Mas eu já vira Sawyer fazer coisas inacreditáveis. Vai saber, de repente ele podia
atravessar paredes... Eu certamente não queria descobrir isso estando nua e vulnerável.
Tirei a roupa. À ferida no peito já não sangrava, mas ainda não havia sumido. Era
agora uma feia cicatriz avermelhada, que doía se eu me mexesse muito rápido ou ficasse
muito tempo parada. Como eu nunca tinha sido morta antes, não sabia quanto ia durar,
ou se algum dia sumiria. Desde que eu continuasse viva, não me importava.
Antes de entrar embaixo do chuveiro, tirei a arma da mochila e a coloquei na pia do
banheiro. A maioria das criaturas que poderiam entrar pela porta não se incomodaria com
uma arma, mas não custava nada prevenir.
Meia hora depois, me sequei, me enrolei na toalha, recolhi a arma e a mochila e fui
para o quarto. Sawyer estava na cama, assistindo à tevê, com o controle perto da pata.

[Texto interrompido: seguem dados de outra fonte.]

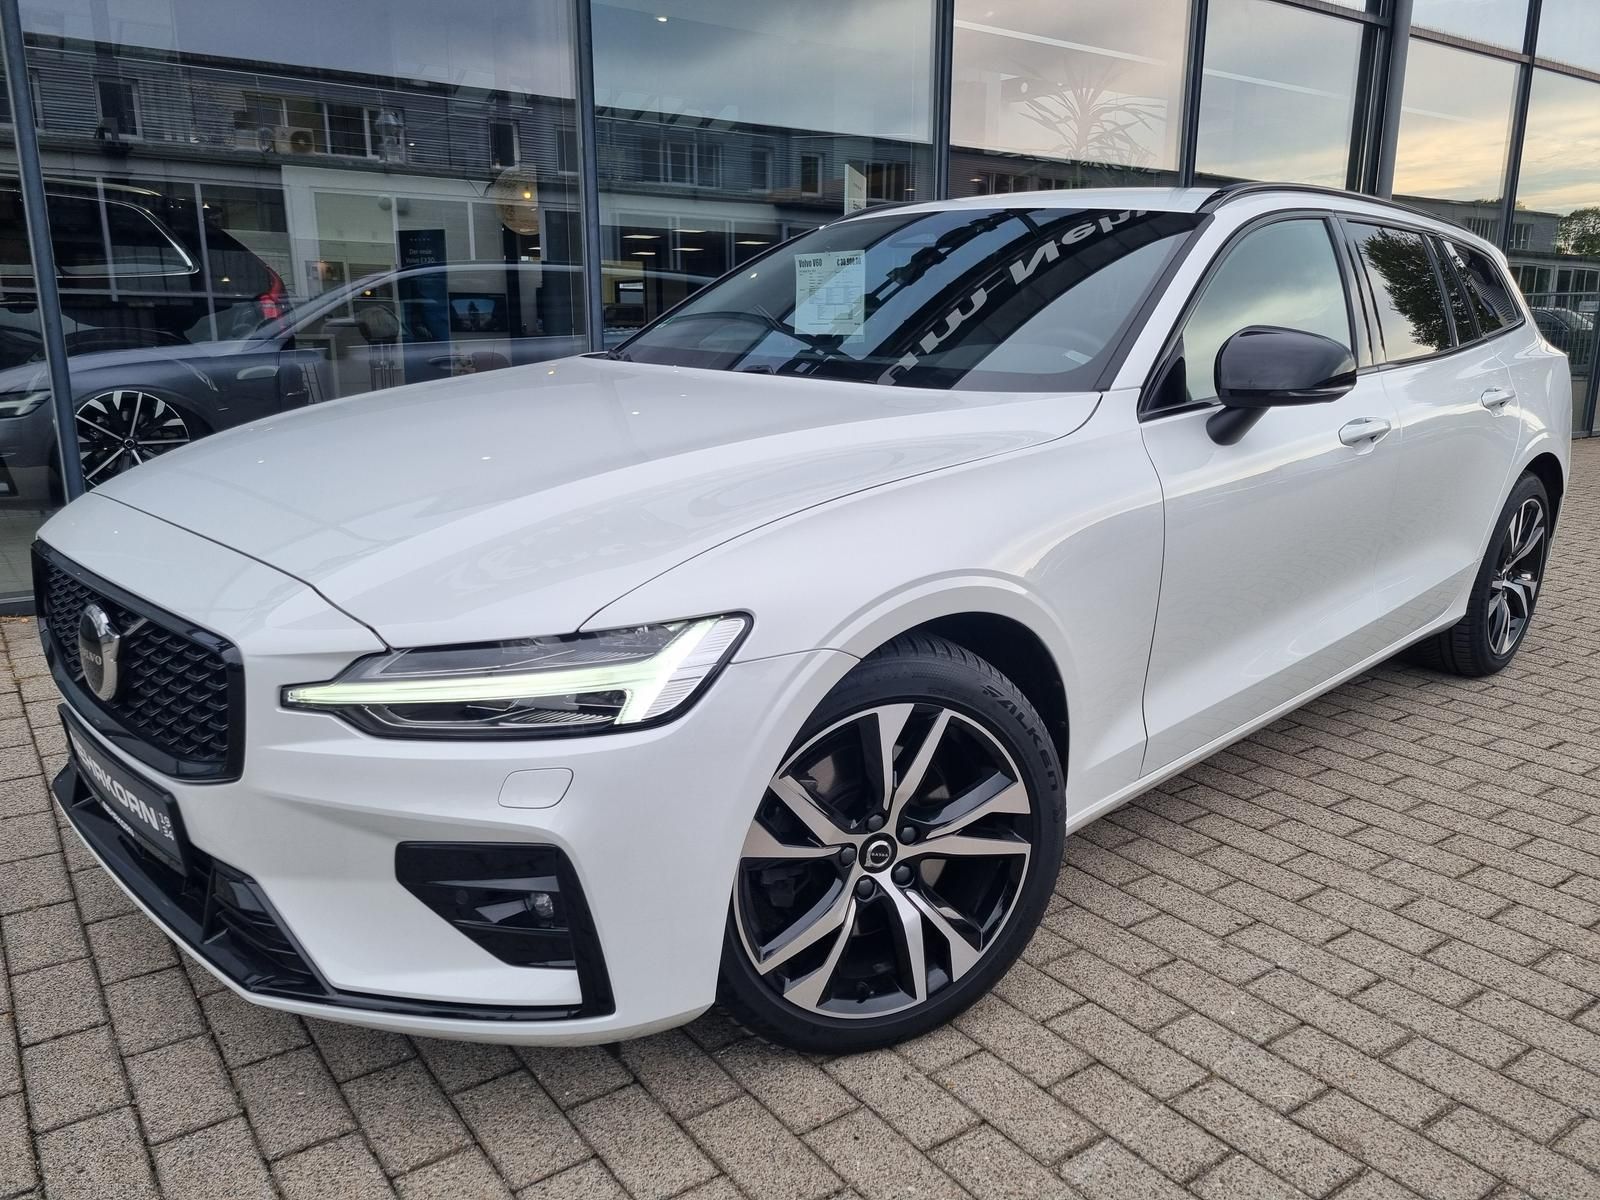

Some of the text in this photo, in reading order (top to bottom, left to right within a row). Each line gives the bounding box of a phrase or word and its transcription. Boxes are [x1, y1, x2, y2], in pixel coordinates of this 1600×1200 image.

[799, 258, 822, 268] Volvo V60
[981, 685, 1058, 791] FALKEN

Na tela, um programa sobre caça, seus olhos cinzentos acompanhavam um cervo cruzan-
do um campo de outono. Quando um tiro soou, ele adiantou-se, o pelo subindo, um
rosnado vindo do fundo da garganta, o olhar fixo avidamente no animal enquanto ele
saltava, corria alguns metros, depois caía lentamente. Acho que um lobo é sempre um
lobo, mesmo quando não nasceu assim.
Parei na frente da televisão. Sawyer se inclinou, tentando ver além de mim. Tirei a
toalha. Ele lentamente voltou ao seu lugar, já sem nenhum interesse no cervo. Acho que
um homem é sempre um homem, mesmo quando não permanece assim.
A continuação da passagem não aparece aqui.